Wymiana kół to także dobry moment, żeby przyjrzeć się klockom hamulcowym, tarczom oraz zawieszeniu w naszym aucie. Jeśli sami się na tym nie znamy, to korzystnie jest wymieniać koła w serwisie zajmującym się ogólnie mechaniką samochodową. Wtedy serwisant może przy okazji przyjrzeć się poszczególnym podzespołom i poinformować nas, jeśli któryś będzie wymagał naprawy lub dodatkowej diagnostyki.

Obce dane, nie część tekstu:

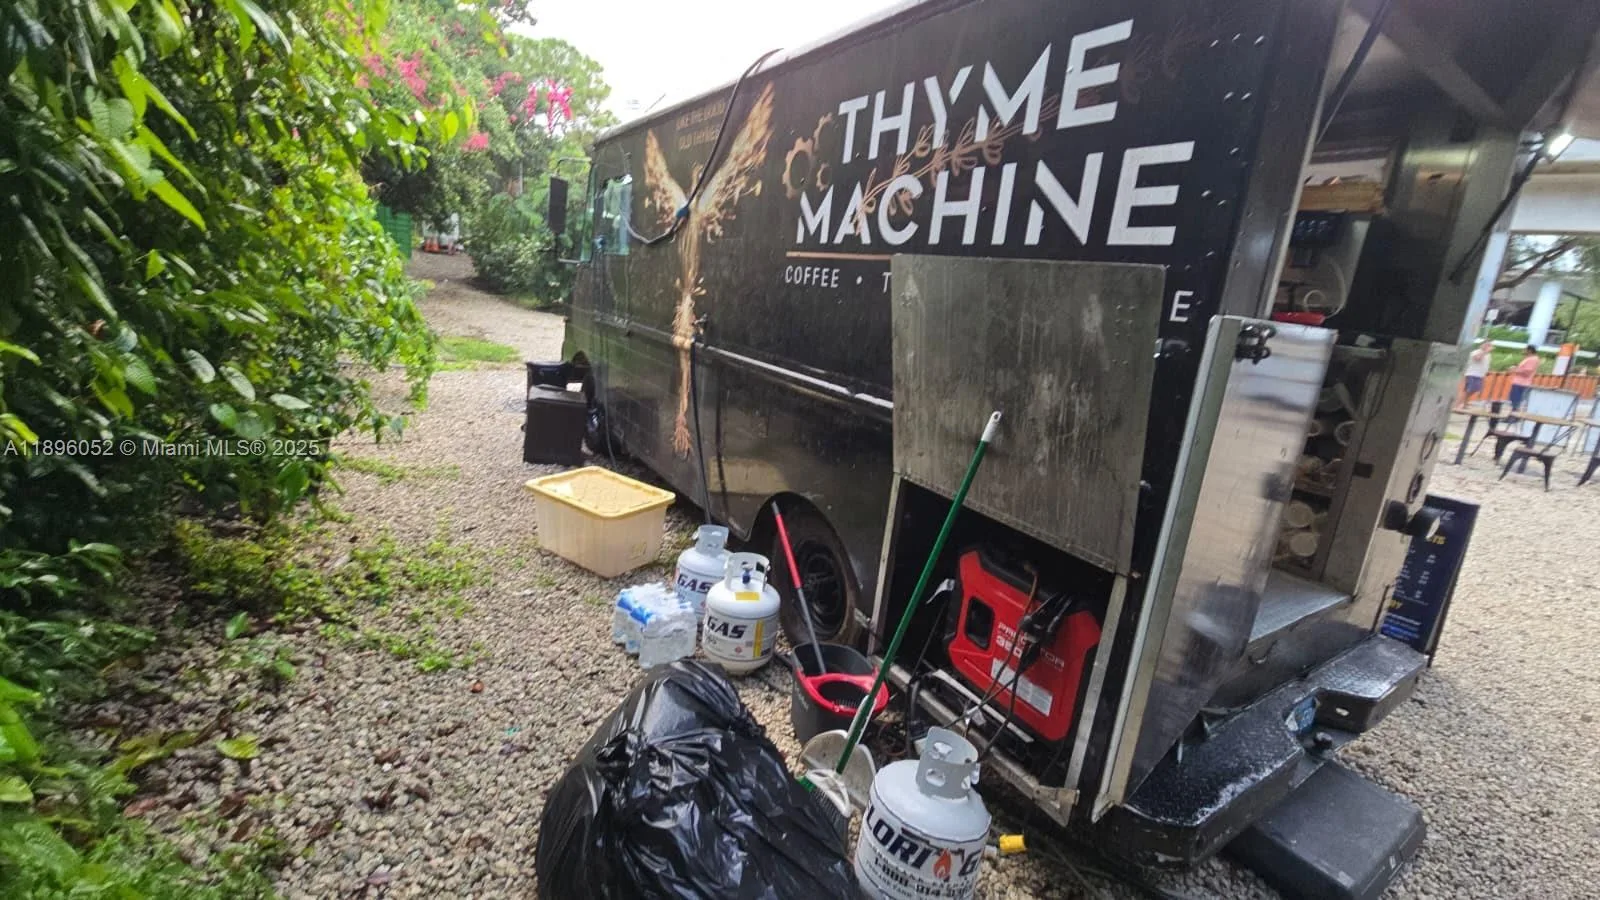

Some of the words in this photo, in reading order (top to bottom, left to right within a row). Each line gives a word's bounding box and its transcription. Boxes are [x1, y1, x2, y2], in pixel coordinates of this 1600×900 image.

[838, 18, 1134, 164] THYME
[796, 140, 1195, 247] MACHINE
[784, 265, 840, 289] COFFEE
[677, 573, 713, 593] GAS
[707, 615, 748, 639] GAS

Rynkowym trendem przed którym, wedle wszelkich informacji, nie ma odwrotu, są samochody elektryczne, a więc auta ciężkie i jednocześnie mocne. Czy wymagają one dedykowanych opon?

Elektryki rzeczywiście stanowią wyzwanie. Z jednej strony są to pojazdy wyraźnie cięższe od spalinowych, ale z drugiej zwykle mają znacznie większy moment obrotowy, co stanowi dodatkowe wyzwanie dla opony - musi być ona odpowiednio wzmocniona. Do tego dochodzi jeszcze kwestia głośności - brak dźwięku silnika sprawia, że wyraźniej słyszymy wszystkie inne odgłosy, w tym szum opon. Sami producenci często wymagają, aby opony jakie im dostarczamy miały niski poziom głośności.

Goodyear oferuje opony przeznaczone do elektryków - można je rozpoznać po oznaczeniu Electric Drive Technology na boku. Ich konstrukcja uwzględnia specyfikę elektryków oraz ich parametry. Istnieją też linie ekskluzywne dla samochodów elektrycznych, ale nie są jeszcze dostępne w Europie - testujemy je póki co w Stanach Zjednoczonych.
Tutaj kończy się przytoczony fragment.